Описывая свое младенчество и юность изъ отдаленія старости, я могъ на многое въ себѣ самомъ смотрѣть какъ на подлежащее, рыться, такъ сказать, въ своей душѣ и задавать себѣ вопросы. Изъ нихъ здѣсь упомяну два: 1) Какимъ образомъ возрасталъ я, умомъ и тѣломъ, овладѣвая, постепенно и въ примѣтные моменты, органами тѣла и способностями души? 2) Въ чемъ и какъ заключались задатки долгой жизни?
Къ послѣднему вопросу приступилъ я черезъ чувство. Оно общее намъ всѣмъ. Является время въ его продолженіи; предстоятъ данныя въ индивидуумахъ, и были уже они во мнѣ. Осмѣливаюсь предложить по этому предмету научный выводъ; да будетъ мнѣ извинена неточность терминовъ, которою и самъ я недоволенъ. Я нахожу, что средняя долгота жизни развитаго ума въ нашъ вѣкъ количественно болѣе, нежели въ вѣкахъ предъидущихъ; и это не можетъ ли служить объясненіемъ прогресса? Отъ того же прямо зависитъ и увеличеніе средняго продолженія всей жизни. Съ самой глубокой юности мы пользуемся уже результатами умной жизни и менѣе употребляемъ труда, къ пріобрѣтенію понятій.

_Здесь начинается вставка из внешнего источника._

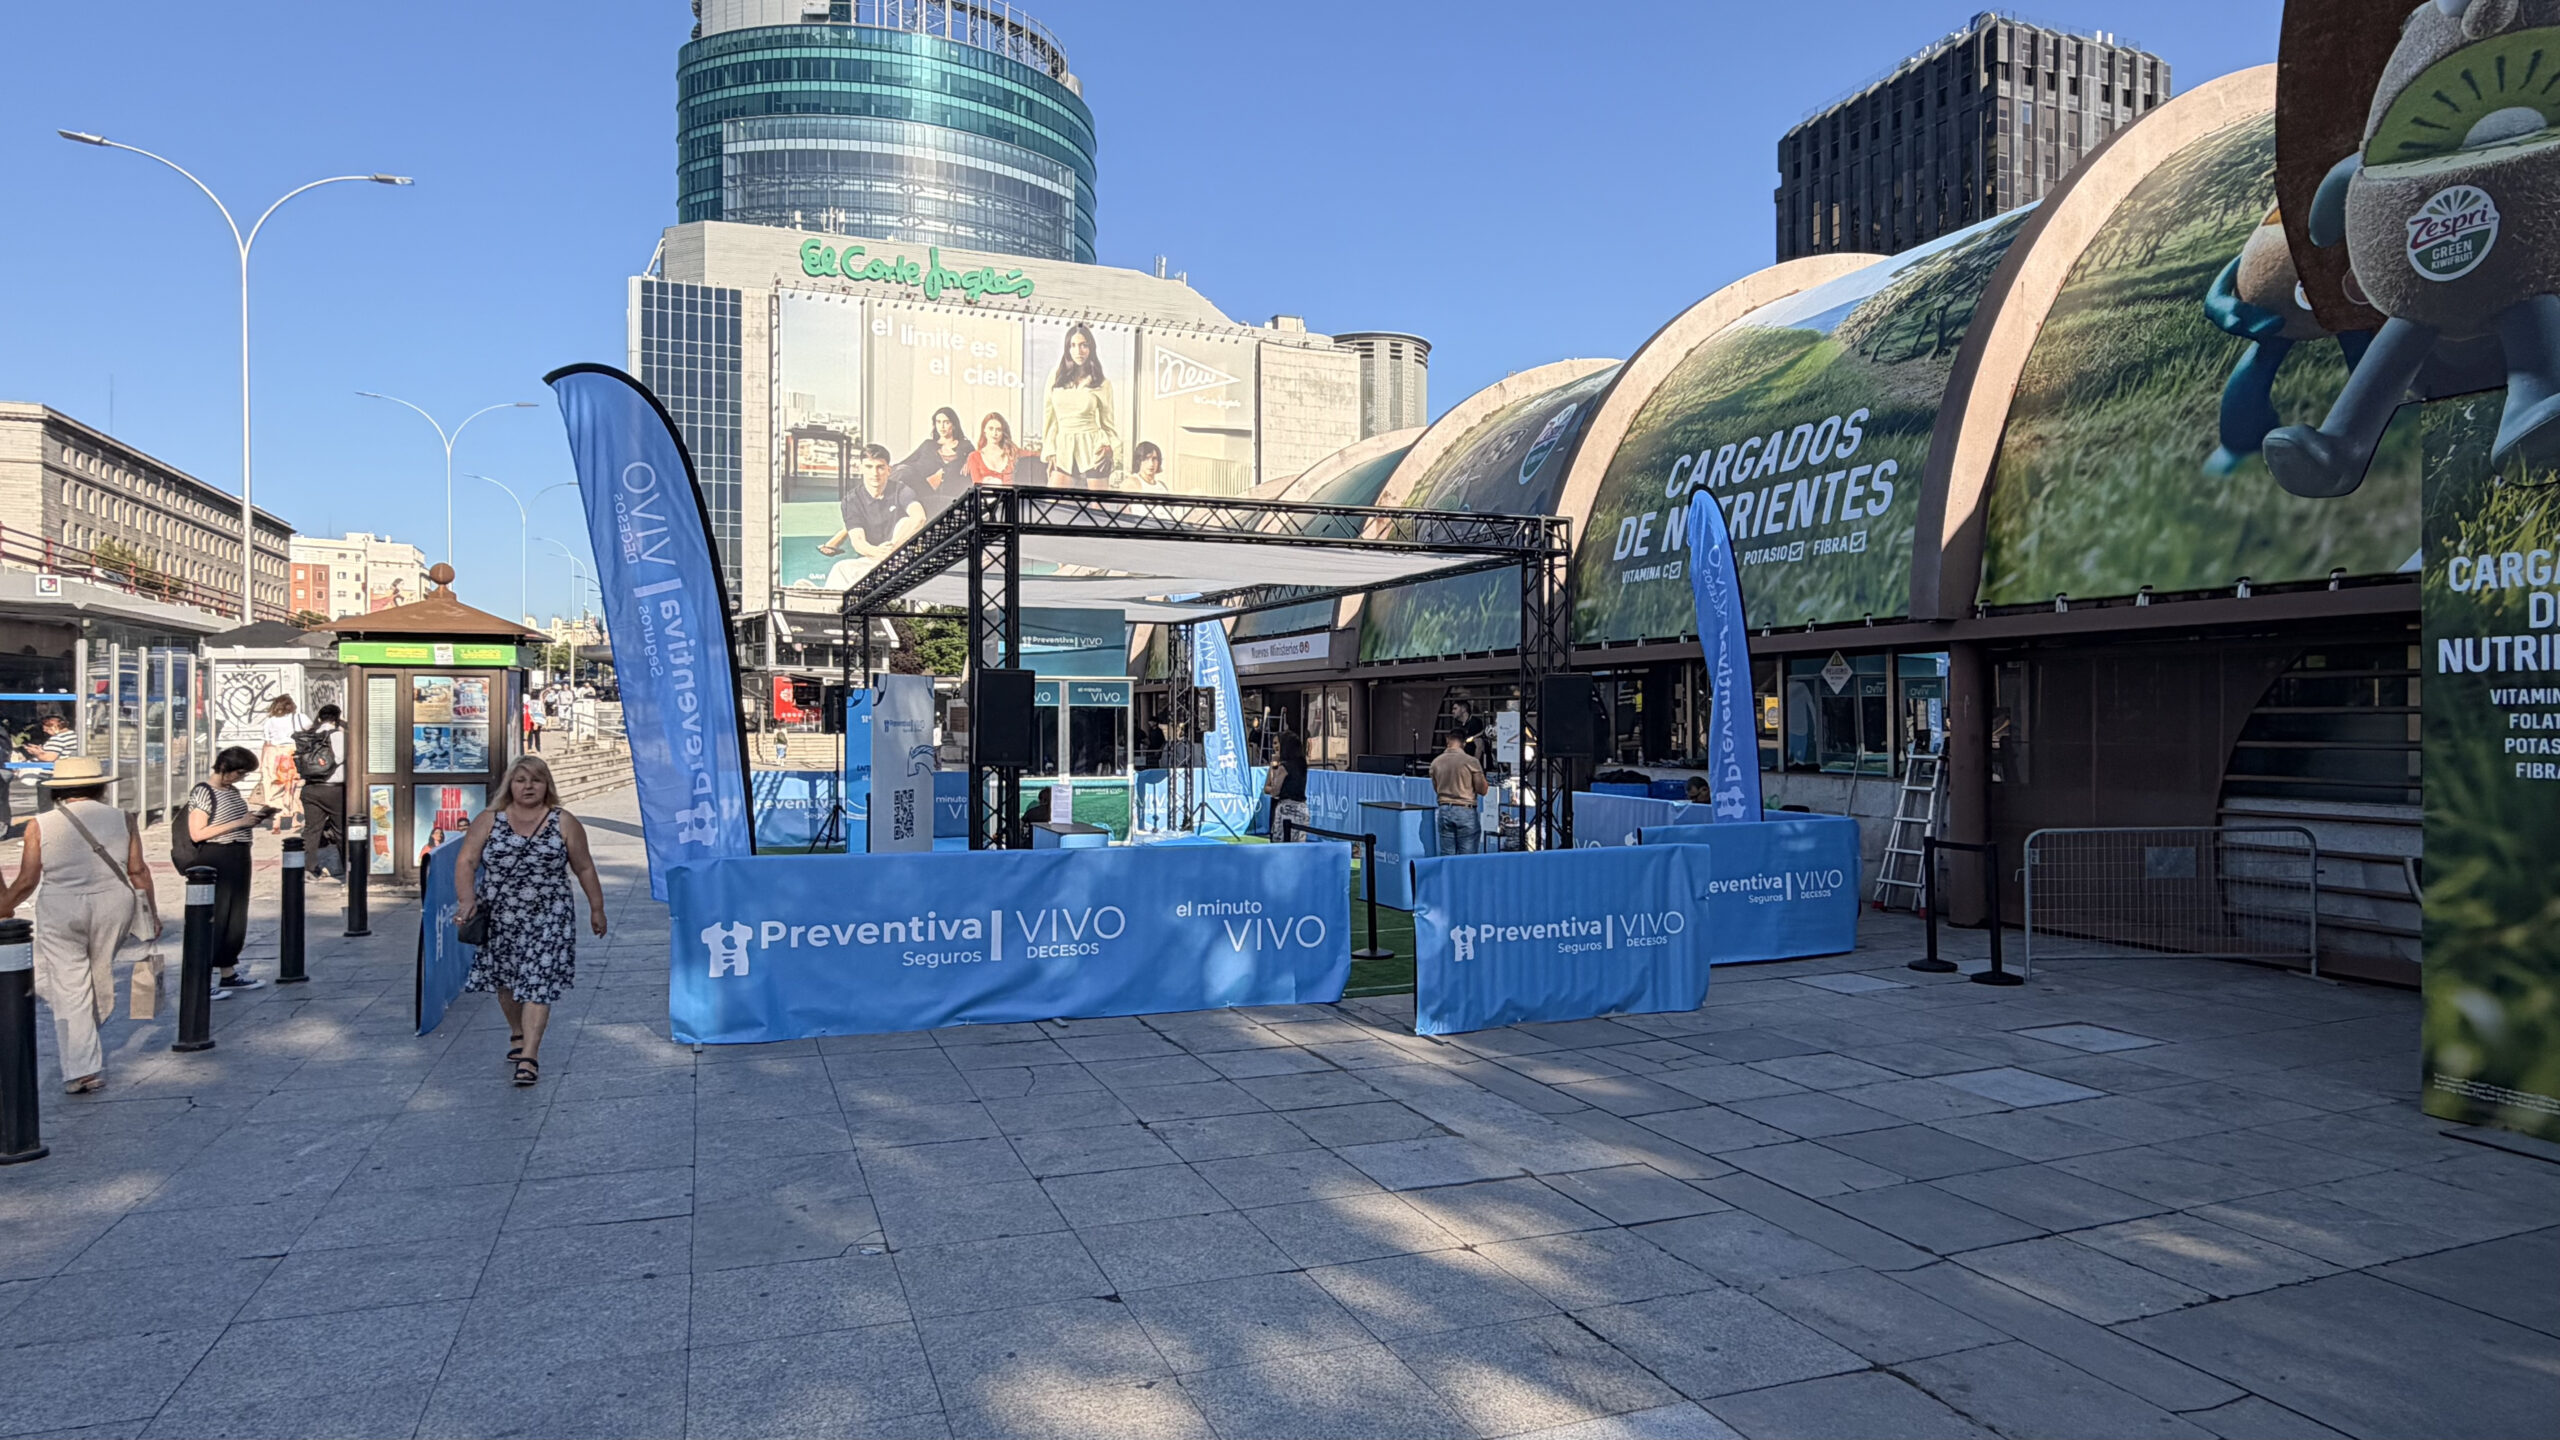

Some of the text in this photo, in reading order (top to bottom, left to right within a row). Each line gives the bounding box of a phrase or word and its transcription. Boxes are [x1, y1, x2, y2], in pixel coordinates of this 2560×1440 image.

[2409, 203, 2489, 250] Zespri
[2431, 251, 2474, 270] KIWIFRUIT
[2432, 239, 2473, 261] GREEN
[800, 238, 838, 277] El
[840, 245, 921, 287] Corte
[871, 316, 894, 337] el
[969, 341, 999, 359] es
[928, 356, 951, 377] el
[1665, 407, 1870, 499] CARGADOS
[1613, 459, 1898, 561] DE NRIENTES
[1743, 545, 1788, 566] POTASIO
[1812, 536, 1848, 556] FIBRA
[1622, 566, 1670, 584] VITAMINA C
[2448, 549, 2560, 592] CARG
[2528, 591, 2560, 629] D
[1079, 637, 1103, 646] VIVO
[1091, 692, 1121, 702] VIVO
[1219, 799, 1263, 814] VIVO
[1709, 869, 1844, 893] eventiva VIVO
[1176, 899, 1263, 917] el minuto
[1748, 889, 1831, 904] Seguros DECESOS
[760, 905, 1126, 950] Preventiva VIVO
[1223, 915, 1326, 952] VIVO
[1480, 911, 1685, 944] Preventiva VIVO
[902, 942, 1100, 969] Seguros DECESOS
[1557, 936, 1668, 954] Seguros DECESOS

Не одаренный отъ природы обширнымъ умомъ, я имѣлъ въ жизни моей чувство, что скоро истощу весь его запасъ, и развивать будетъ нечего. Слабый тѣломъ, я постоянно чувствовалъ въ немъ близкій конецъ. Однако въ послѣднемъ отношеніи имѣлъ я въ младенчествѣ большіе задатки. Еслибъ сталъ развивать себя въ широту и глубину, не могъ бы прожить долго; посему и избралъ путь апріорическій, все въ верхъ и въ верхъ и, отойдя далеко отъ дѣйствительности, принужденъ былъ обратиться къ разумѣнію разсудочности, чувствованію, опыту. На долго лишенный дѣятельности, пріобрѣлъ и къ ней неодолимую жажду, и съ полученіемъ свободы, не.съ обратился на, практику, занимался неутомимо хозяйствомъ, приводилъ въ движеніе данныя семейной жизни до произвольныхъ заботъ, безкорыстно, имѣя въ виду одни душевныя присвоенія и критеріумомъ чисто-нравственное начало.
Такъ соединился я вновь съ природою и полюбилъ ее. Нуженъ былъ сильный восторгъ, чтобы разбить затвердѣлостъ эстетическаго чувства.
Когда, земное оставляя,
Душа безсмертная паритъ,
По волѣ всѣмъ располагая,
Міръ новый для себя творитъ,
Міръ свѣтлый, стройный и священный;
Когда одинъ я во вселенной,
Одинъ -- и просто Божій сынъ,
Какъ пульсъ огнемъ, не кровью бьется!
Тогда-то пѣснь рѣкою льется,
И языка я властелинъ.
Ожилъ я восторгомъ, и умъ усмотрѣлъ, что можетъ онъ рости и расширяться вдохновеніемъ, и жизнь можетъ продолжиться, преодолѣть волею первой свой конецъ. Этотъ конецъ ничто иное какъ взятый воспитаніемъ размѣръ и безнадежность независимаго впрочемъ отъ насъ пріобрѣтенія новыхъ силъ души.
Не шутливо, съ нѣкоторою суровостью надобно намъ пользоваться жизнію, а особливо словомъ. Та и другая падаютъ, ежели пренебрегаются.
Изо всего этого выработалось понятіе о продолженіи жизни, для выраженія котораго не имѣю слова. Оно въ связи съ младенчествомъ и съ этой только стороны подлежитъ передачѣ. При впечатлѣніяхъ въ началѣ вѣка, мнѣ казался въ недостижимой дали 1850 годъ, а напротивъ въ страшной давности 1750 годъ. Достигнувъ перваго и ощутивъ его, самое воспоминаніе и размѣръ прожитаго времени дали данное для цѣлаго столѣтія. Оно, слившись, не казалось, уже столь огромнымъ и представило новую даль за сомкнутымъ цикломъ. Первою моею мыслію было, что мы, обладая царственно пространствомъ, совершенно нищи въ отношеніи ко времени, какъ показываютъ самыя цифры, и ни наука, ни воспитаніе не даютъ намъ средствъ обогатиться.